● **Exercise**:
Copy all of the material below, line for line.

● **Data extracts**:

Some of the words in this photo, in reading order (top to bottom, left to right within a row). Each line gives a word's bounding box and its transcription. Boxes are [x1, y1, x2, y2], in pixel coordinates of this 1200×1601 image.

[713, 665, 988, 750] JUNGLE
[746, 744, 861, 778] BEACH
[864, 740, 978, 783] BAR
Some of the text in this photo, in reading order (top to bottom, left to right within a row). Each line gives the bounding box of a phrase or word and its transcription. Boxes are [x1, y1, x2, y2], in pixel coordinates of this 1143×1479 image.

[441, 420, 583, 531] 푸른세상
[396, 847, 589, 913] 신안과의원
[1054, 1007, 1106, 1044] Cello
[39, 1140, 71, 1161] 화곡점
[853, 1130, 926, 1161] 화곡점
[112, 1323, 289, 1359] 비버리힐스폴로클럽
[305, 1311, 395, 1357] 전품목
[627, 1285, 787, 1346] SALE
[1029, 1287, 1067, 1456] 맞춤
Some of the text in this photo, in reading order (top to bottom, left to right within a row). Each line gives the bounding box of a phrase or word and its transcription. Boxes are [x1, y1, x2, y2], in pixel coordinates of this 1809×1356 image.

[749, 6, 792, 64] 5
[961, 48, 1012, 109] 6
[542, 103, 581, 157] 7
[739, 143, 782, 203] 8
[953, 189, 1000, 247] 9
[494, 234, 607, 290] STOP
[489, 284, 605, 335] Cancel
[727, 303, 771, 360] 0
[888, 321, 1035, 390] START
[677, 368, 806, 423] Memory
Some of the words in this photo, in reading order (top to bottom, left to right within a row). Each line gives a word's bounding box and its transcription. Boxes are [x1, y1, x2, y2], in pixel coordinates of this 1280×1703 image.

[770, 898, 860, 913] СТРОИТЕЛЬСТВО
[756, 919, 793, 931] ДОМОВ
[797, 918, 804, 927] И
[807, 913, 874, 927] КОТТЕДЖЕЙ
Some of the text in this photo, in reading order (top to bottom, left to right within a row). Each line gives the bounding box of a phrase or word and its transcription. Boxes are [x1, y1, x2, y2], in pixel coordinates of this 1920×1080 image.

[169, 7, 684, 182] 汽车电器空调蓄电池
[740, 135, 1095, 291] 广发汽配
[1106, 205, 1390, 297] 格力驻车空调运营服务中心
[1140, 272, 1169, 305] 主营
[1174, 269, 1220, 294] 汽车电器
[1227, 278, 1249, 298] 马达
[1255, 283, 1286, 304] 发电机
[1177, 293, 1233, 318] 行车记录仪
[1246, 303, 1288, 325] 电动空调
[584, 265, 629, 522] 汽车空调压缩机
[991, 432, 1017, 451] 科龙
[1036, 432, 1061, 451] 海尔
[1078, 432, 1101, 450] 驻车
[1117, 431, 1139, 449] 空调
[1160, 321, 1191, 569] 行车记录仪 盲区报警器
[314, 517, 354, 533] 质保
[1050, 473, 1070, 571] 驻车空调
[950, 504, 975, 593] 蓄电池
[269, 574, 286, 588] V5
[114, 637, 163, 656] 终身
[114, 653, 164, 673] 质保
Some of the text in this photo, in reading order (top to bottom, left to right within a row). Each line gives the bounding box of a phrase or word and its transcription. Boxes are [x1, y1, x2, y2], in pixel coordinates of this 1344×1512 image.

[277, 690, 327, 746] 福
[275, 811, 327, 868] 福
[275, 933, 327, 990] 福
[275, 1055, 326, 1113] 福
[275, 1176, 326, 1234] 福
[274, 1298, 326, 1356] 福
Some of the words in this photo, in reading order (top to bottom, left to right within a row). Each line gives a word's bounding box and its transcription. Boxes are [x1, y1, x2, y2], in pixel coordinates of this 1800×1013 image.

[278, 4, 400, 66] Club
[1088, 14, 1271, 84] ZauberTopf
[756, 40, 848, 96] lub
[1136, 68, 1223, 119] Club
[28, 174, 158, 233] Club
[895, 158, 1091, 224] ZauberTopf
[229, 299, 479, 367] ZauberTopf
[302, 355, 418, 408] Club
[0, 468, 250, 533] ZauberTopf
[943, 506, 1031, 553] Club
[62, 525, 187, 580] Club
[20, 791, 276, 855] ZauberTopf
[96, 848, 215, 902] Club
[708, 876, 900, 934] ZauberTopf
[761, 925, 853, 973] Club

● **The answer**:
Some of the words in this photo, in reading order (top to bottom, left to right within a row). Each line gives a word's bounding box and its transcription. Boxes are [x1, y1, x2, y2], in pixel coordinates of this 1200×1601 image.

[713, 665, 988, 750] JUNGLE
[746, 744, 861, 778] BEACH
[864, 740, 978, 783] BAR
Some of the text in this photo, in reading order (top to bottom, left to right within a row). Each line gives the bounding box of a phrase or word and its transcription. Boxes are [x1, y1, x2, y2], in pixel coordinates of this 1143×1479 image.

[441, 420, 583, 531] 푸른세상
[396, 847, 589, 913] 신안과의원
[1054, 1007, 1106, 1044] Cello
[39, 1140, 71, 1161] 화곡점
[853, 1130, 926, 1161] 화곡점
[112, 1323, 289, 1359] 비버리힐스폴로클럽
[305, 1311, 395, 1357] 전품목
[627, 1285, 787, 1346] SALE
[1029, 1287, 1067, 1456] 맞춤
Some of the text in this photo, in reading order (top to bottom, left to right within a row). Each line gives the bounding box of a phrase or word and its transcription. Boxes are [x1, y1, x2, y2], in pixel coordinates of this 1809×1356 image.

[749, 6, 792, 64] 5
[961, 48, 1012, 109] 6
[542, 103, 581, 157] 7
[739, 143, 782, 203] 8
[953, 189, 1000, 247] 9
[494, 234, 607, 290] STOP
[489, 284, 605, 335] Cancel
[727, 303, 771, 360] 0
[888, 321, 1035, 390] START
[677, 368, 806, 423] Memory
Some of the words in this photo, in reading order (top to bottom, left to right within a row). Each line gives a word's bounding box and its transcription. Boxes are [x1, y1, x2, y2], in pixel coordinates of this 1280×1703 image.

[770, 898, 860, 913] СТРОИТЕЛЬСТВО
[756, 919, 793, 931] ДОМОВ
[797, 918, 804, 927] И
[807, 913, 874, 927] КОТТЕДЖЕЙ
Some of the text in this photo, in reading order (top to bottom, left to right within a row). Each line gives the bounding box of a phrase or word and its transcription. Boxes are [x1, y1, x2, y2], in pixel coordinates of this 1920×1080 image.

[169, 7, 684, 182] 汽车电器空调蓄电池
[740, 135, 1095, 291] 广发汽配
[1106, 205, 1390, 297] 格力驻车空调运营服务中心
[1140, 272, 1169, 305] 主营
[1174, 269, 1220, 294] 汽车电器
[1227, 278, 1249, 298] 马达
[1255, 283, 1286, 304] 发电机
[1177, 293, 1233, 318] 行车记录仪
[1246, 303, 1288, 325] 电动空调
[584, 265, 629, 522] 汽车空调压缩机
[991, 432, 1017, 451] 科龙
[1036, 432, 1061, 451] 海尔
[1078, 432, 1101, 450] 驻车
[1117, 431, 1139, 449] 空调
[1160, 321, 1191, 569] 行车记录仪 盲区报警器
[314, 517, 354, 533] 质保
[1050, 473, 1070, 571] 驻车空调
[950, 504, 975, 593] 蓄电池
[269, 574, 286, 588] V5
[114, 637, 163, 656] 终身
[114, 653, 164, 673] 质保
Some of the text in this photo, in reading order (top to bottom, left to right within a row). Each line gives the bounding box of a phrase or word and its transcription. Boxes are [x1, y1, x2, y2], in pixel coordinates of this 1344×1512 image.

[277, 690, 327, 746] 福
[275, 811, 327, 868] 福
[275, 933, 327, 990] 福
[275, 1055, 326, 1113] 福
[275, 1176, 326, 1234] 福
[274, 1298, 326, 1356] 福
Some of the words in this photo, in reading order (top to bottom, left to right within a row). Each line gives a word's bounding box and its transcription. Boxes are [x1, y1, x2, y2], in pixel coordinates of this 1800×1013 image.

[278, 4, 400, 66] Club
[1088, 14, 1271, 84] ZauberTopf
[756, 40, 848, 96] lub
[1136, 68, 1223, 119] Club
[28, 174, 158, 233] Club
[895, 158, 1091, 224] ZauberTopf
[229, 299, 479, 367] ZauberTopf
[302, 355, 418, 408] Club
[0, 468, 250, 533] ZauberTopf
[943, 506, 1031, 553] Club
[62, 525, 187, 580] Club
[20, 791, 276, 855] ZauberTopf
[96, 848, 215, 902] Club
[708, 876, 900, 934] ZauberTopf
[761, 925, 853, 973] Club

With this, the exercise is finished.